The other major class of repeated sequences in genomes is simple sequences, which comprise microsatellites, minisatellites, and related sequences. To produce a summary analysis of the distribution of this class of sequence within Del36H, we used the program SIMPLE (Tautz et al. 1986; Hancock and Armstrong 1994). SIMPLE measures the simple sequence content of sequences relative to random sequences of the same dinucleotide composition. It does this by measuring the reoccurrence of motifs within 64-bp sliding windows by awarding points to a window, depending on the number of times the sequence motif at its center reoccurs in the window. The simplicity factor (SF) for the sequence is then the average score for a window within the sequence, whereas the relative simplicity factor (RSF) is the ratio of the SF to SFs obtained for random sequences with the same dinucleotide composition as the tested sequence. A random sequence has an RSF of 1 and a repetitive sequence an RSF > 1. SIMPLE was applied to individual BAC sequences within Del36H. The mean RSF for BACs was 1.607 ± 0.164 (SD), which lies between previous estimates for the mouse genome based on multiple smaller genomic fragments (Hancock 1995, 2002). Relationships between RSF and gene density or base composition of individual BACs were investigated by regression analysis. Gene density showed a significant negative correlation with RSF (P < 0.01). Base composition did not show a significant correlation with RSF, but did show a highly significant positive rank correlation (Inline graphic), despite the fact that the SIMPLE algorithm compensates for the base composition of the tested sequence (Tautz et al. 1986; Hancock and Armstrong 1994).

The distribution of BAC RSF scores along the sequence is represented in Figure 1. The plot shows regions of relatively high and low repetitiveness. This is shown most clearly by the cumulative signs plot in Figure 1. This was produced by assigning each clone a score of +1 or -1, depending on whether its RSF was higher or lower than the mean for Del36H. The value plotted is a cumulative sum of these values, which shows changes of direction when groups of BACs have RSFs of different signs to their preceding neighbors. The plot indicates that Del36H contains domains of relatively high and low RSF ∼2.5 Mb long. This order of substructure is at a larger scale than that conventionally attributed to isochores, which are usually defined as being of the order of 100-300 kb long (Bernardi et al. 1985; Nekrutenko and Li 2000). Recent attempts to define isochores computationally have produced evidence that some may be of the order of megabases long (Oliver et al. 2001; Li 2002) but IsoFinder (Oliver et al. 2001; http://bioinfo2.ugr.es/isochores/) predictions of isochores in Del36H do not exceed 200 kb in length. The simple sequence domains are of comparable size to chromosome bands. Unfortunately, boundaries of chromosome bands are currently not well defined at the sequence level, so it is not possible to test for a relationship between these simplicity domains and chromosome bands at this time.

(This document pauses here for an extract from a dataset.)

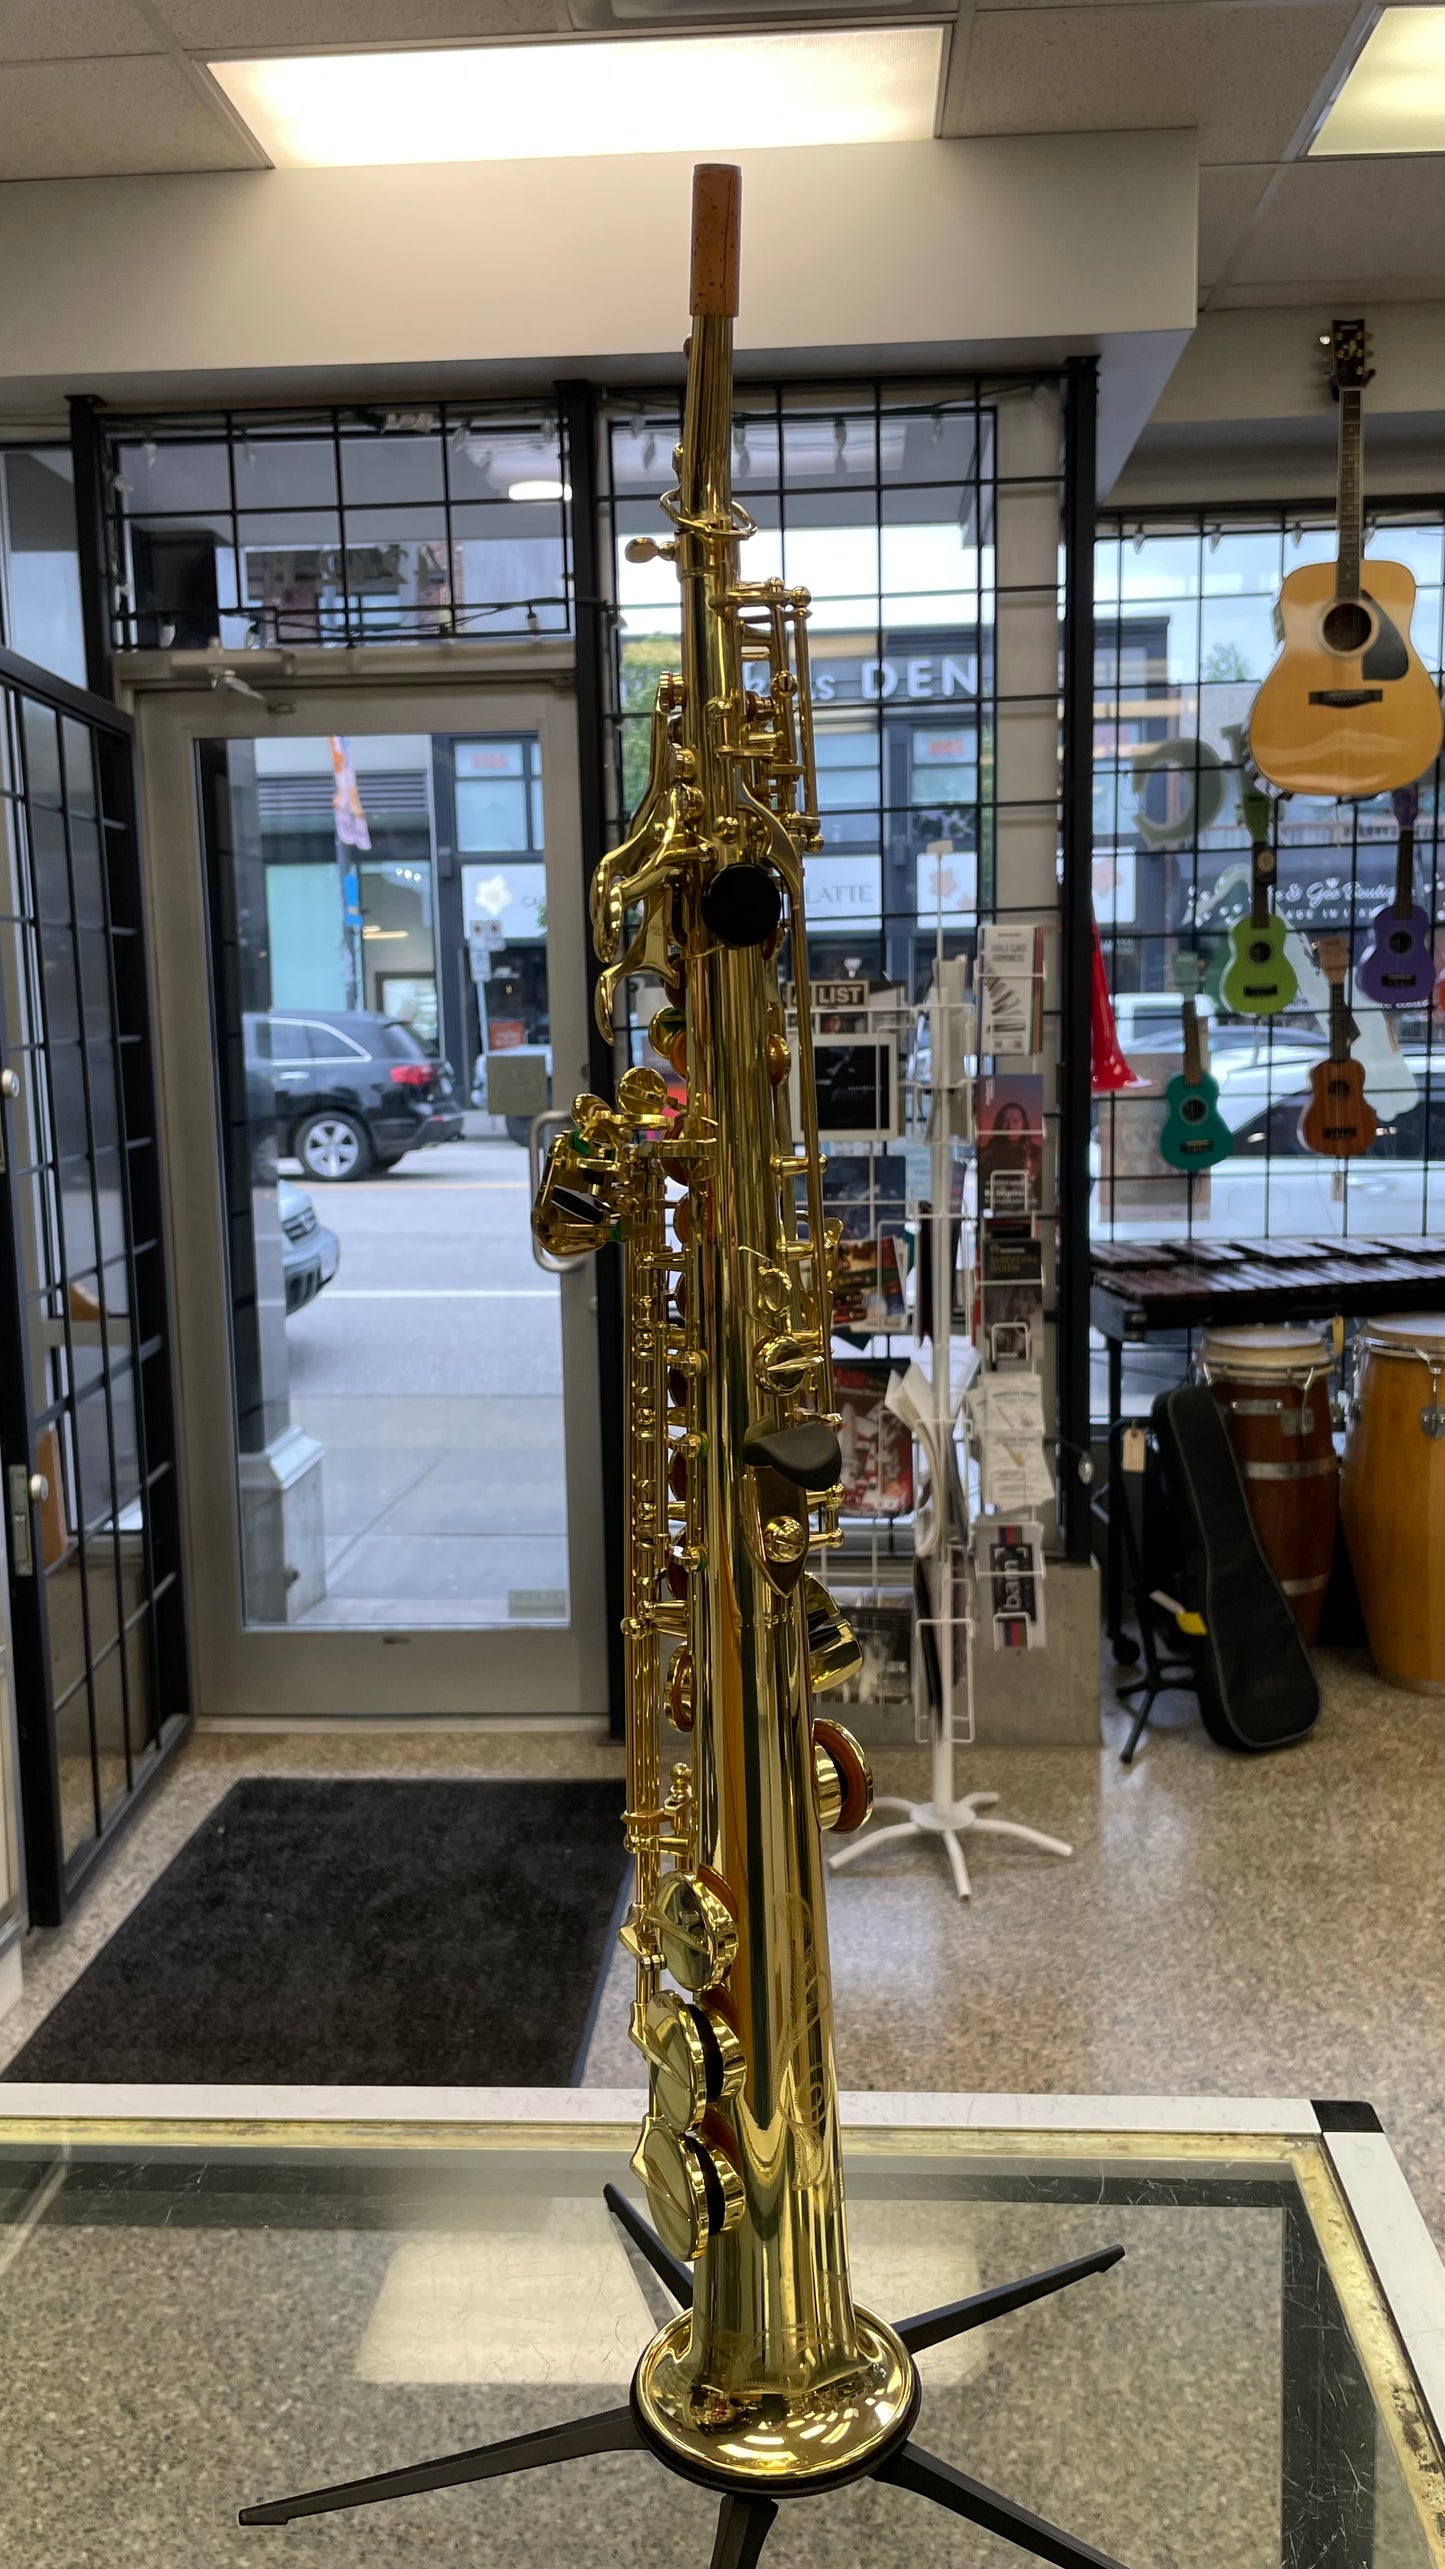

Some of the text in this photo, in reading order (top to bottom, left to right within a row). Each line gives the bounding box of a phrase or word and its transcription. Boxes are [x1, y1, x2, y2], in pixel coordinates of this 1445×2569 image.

Sites of Evolutionary Rearrangement

Homology of Del36H to regions of the human genome was established initially by BLAST analysis of individual genes to identify the chromosomal location of human orthologs (identified as the human sequence with the lowest BLAST E score). This confirmed conserved synteny to human chromosomes 6p22.1-6p22.3 and 6p25.2-6p25.3. The orientations of the two parts of Del36H homologous to human chromosome 6 are opposed—the 5′ part of Del36H is in the same orientation as in human, with its 5′ end nearer the centromere, whereas the 3′ end of Del36H, which is closer to the telomere in mouse, corresponds to a region closer to the centromere in human (see Fig. 2A). Loss of conserved synteny, and therefore the locus of chromosome reorganization between the two species, lies within four BACs (RP23-372H19, RP23-380L6, RP23-279E14, RP23-217J3), a region 49.7 kb long. Further analysis (Fig. 2B) identified an additional short region with homology to human chromosome 3q24 within this region. We are therefore able to define two regions not showing a detectable homologous relationship to any human chromosome and a novel syntenic relationship for the region.

Figure 2.

Figure 2

Location of region on mouse and human chromosomes and dotplot of the breakpoint region. (A) The location of the contig on mouse chromosome 13 and the equivalent regions on human chromosome 6. The segments of interest (0-9) are indicated. Note that on the human chromosome, the regions are split into two blocks, breaking in segment 5. Positions and relative sizes of regions are only approximate; human and mouse chromosomes are shown to different scales. (B) Del36H segment 5 has homology with human chromosome 6p25 and 6p22 at its edges, as well as 3q24 in the center. Between these stretches of homology are two stretches of sequence, BP-1 and BP-2, that do not have any detectable homology with human sequence.

Studies by Puttagunta et al. (2000) and Pletcher et al. (2000) on evolutionary breakpoints in mouse chromosome 10 showed an association with a region of very high (60%-70%) repeated sequence content and Dehal et al. (2001) found a concentration of LINEs and LTR elements at evolutionary breakpoints. Consideration of the gross distribution of repeated elements, including simple repeats, and base composition in segment 5 (the breakpoint region) as a whole compared with the rest of the Del36H sequence, showed no apparent associations. BP1, one of the two sequences apparently without a human homolog (see Fig. 2B), contains a relatively high concentration of LTR elements, 19.91%, which is atypical for segment 5 as a whole, although a number of individual clones show higher LINE densities. BP2, the other unique region, does not show an unusual TE composition.

Gene Clusters

Gene clusters were identified in three of the segments, as mentioned previously.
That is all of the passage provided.